🤖 AI Summary
To address the challenge of jointly optimizing quality and inference cost in foundation model (FM)-driven software, this paper proposes a real-time adaptive routing mechanism—the first to co-evolve routing decisions with weak-FM capability enhancement. Methodologically, it leverages cross-domain general guidance generated by strong FMs, enables parameter-free capability leap for weak FMs via Guided In-Context Learning (G-ICL), and integrates hierarchical FM collaborative inference with online request scheduling optimization. Evaluated on an MMLU subset, the approach reduces costly large-model invocations by 50.2% while maintaining 90.5% overall response quality; the guidance strategy exhibits strong cross-subdomain generalization.

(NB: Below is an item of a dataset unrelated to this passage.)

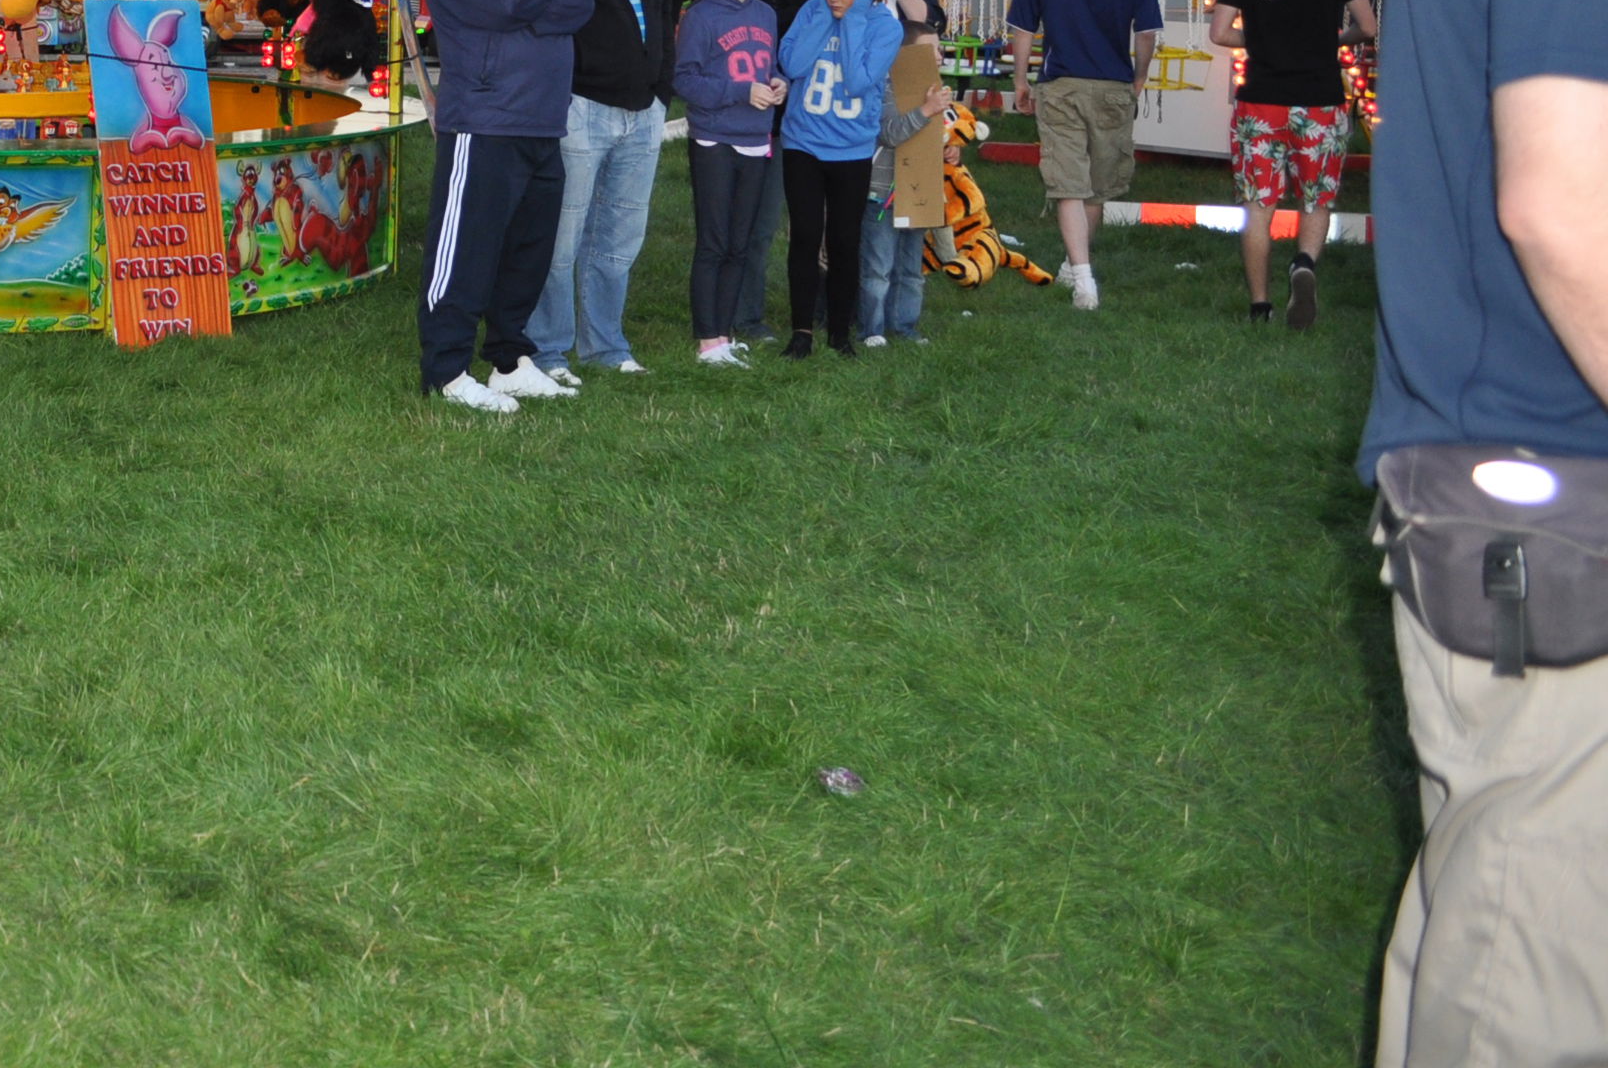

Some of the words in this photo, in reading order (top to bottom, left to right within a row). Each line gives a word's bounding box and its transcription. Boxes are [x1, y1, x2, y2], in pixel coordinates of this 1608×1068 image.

The core contribution lies in transcending traditional static routing paradigms by enabling joint dynamic evolution of routing policies and FM capabilities—thereby establishing a new framework for adaptive, cost-aware FM orchestration.
📝 Abstract
To balance the quality and inference cost of a Foundation Model (FM, such as large language models (LLMs)) powered software, people often opt to train a routing model that routes requests to FMs with different sizes and capabilities. Existing routing models rely on learning the optimal routing decision from carefully curated data, require complex computations to be updated, and do not consider the potential evolution of weaker FMs. In this paper, we propose Real-time Adaptive Routing (RAR), an approach to continuously adapt FM routing decisions while using guided in-context learning to enhance the capabilities of weaker FM. The goal is to reduce reliance on stronger, more expensive FMs. We evaluate our approach on different subsets of the popular MMLU benchmark. Over time, our approach routes 50.2% fewer requests to computationally expensive models while maintaining around 90.5% of the general response quality. In addition, the guides generated from stronger models have shown intra-domain generalization and led to a better quality of responses compared to an equivalent approach with a standalone weaker FM.